До, во время и после тренировочного плена отчеты бойцов спецподразделений свидетельствовали о том, что они испытывали меньше симптомов диссоциации, чем все прочие, и что их интен­сивность была ниже, чем у всех остальных курсантов. Корреляция очевидна: чем меньше солдат подвержен диссоциации (особенно в нормальных условиях), тем больше он вырабатывает нейропептида Y и тем эффективнее действует.

Как ни странно, бойцы подразделений специального назначе­ния сообщали о том, что в целом пережили больше психологиче­ских травм. Например, они гораздо чаще говорили о случаях пе­ренесенного ими насилия в детстве. Это было неожиданно. Обычно пережитые ранее эмоциональные травмы определяли пониженную эффективность деятельности в стрессовой обстановке. Тем не менее в среде солдат спецподразделений ранее пережитые травматические ситуации не приводили к снижению способности справляться с травмами в будущем. Казалось, в результате они становились лишь крепче. Как это возможно? Это был парадоксаль­ный вывод: одних людей психологические травмы заставляют «рас­клеиться», а у других лишь укрепляют механизмы выживания.

Ежегодно около 900 солдат заявляют о своем желании всту­пить в части особого назначения. Отбор происходит в процессе трехнедельной программы, в ходе которой тестируется их физи­ческая выносливость, лидерские качества и способность решать проблемы в стрессовой обстановке. Этот процесс требует боль­ших физических затрат, чем школа выживания, но отличается меньшей стрессогенностью с психологической точки зрения. Пройти этот отбор удается лишь трети кандидатов.

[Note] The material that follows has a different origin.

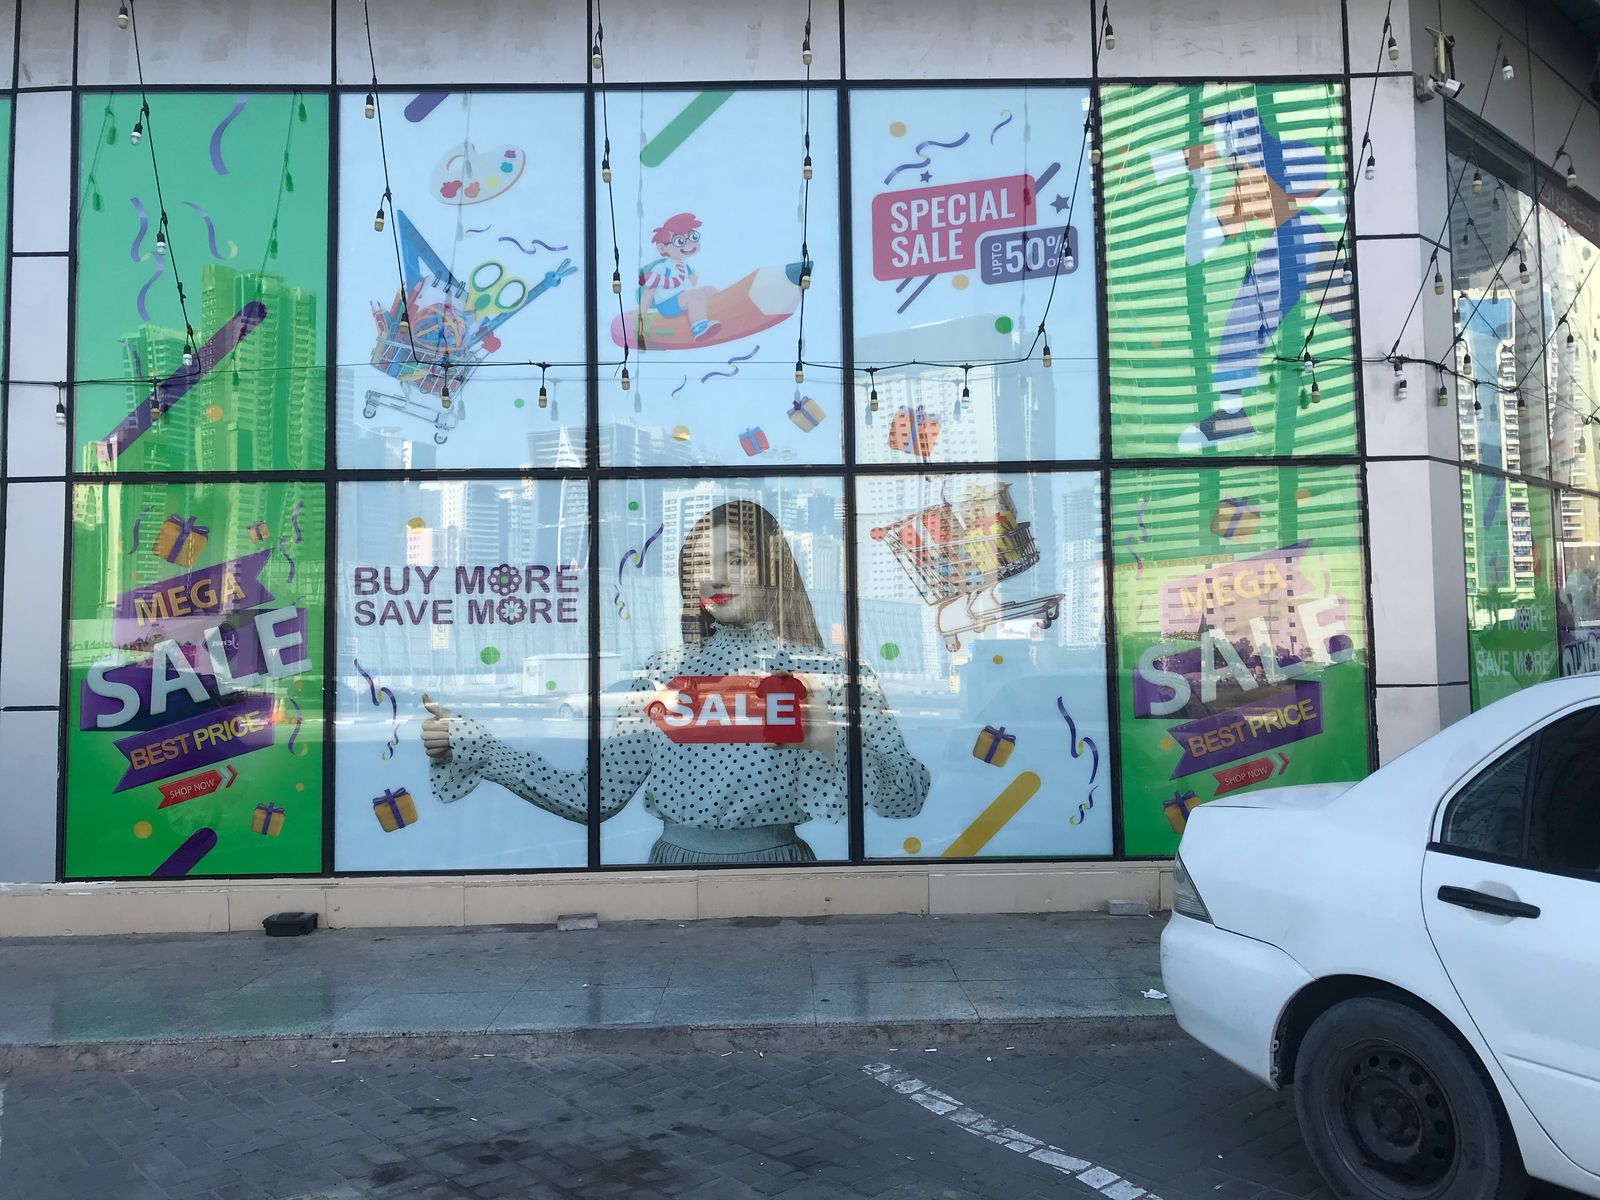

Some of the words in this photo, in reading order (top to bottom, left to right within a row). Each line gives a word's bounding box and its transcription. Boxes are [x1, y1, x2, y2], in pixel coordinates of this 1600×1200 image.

Что же обеспечивает этим ребятам дополнительную эффектив­ность: сами тренировки или уверенность в себе, приходящая с по­ниманием, что ты — боец специального подразделения? Чтобы выяснить это, Морган решил изучить кандидатов до начала ста­дии отбора. Он раздавал им свою анкету, как только они прибыва­ли на отборочный курс, с целью выяснить, у кого из них симптомы диссоциации наблюдались в течение предшествующей недели. Как и в случае курсантов школы выживания, около трети кандидатов на вступление в части особого назначения рассказали о том, что испытывали ту или иную форму диссоциации до прибытия на от­бор. На данный момент Морган протестировал 774 человека, и ре­зультаты оказались поразительными: у любого человека, заявляв­шего о случаях диссоциации в нормальной обстановке, значитель­но понижались шансы на удачное прохождение процесса отбора. Если кто-либо давал положительные ответы на 11 или более во­просов, Морган с 95%-ной точностью мог сказать, что этот чело­век будет отсеян.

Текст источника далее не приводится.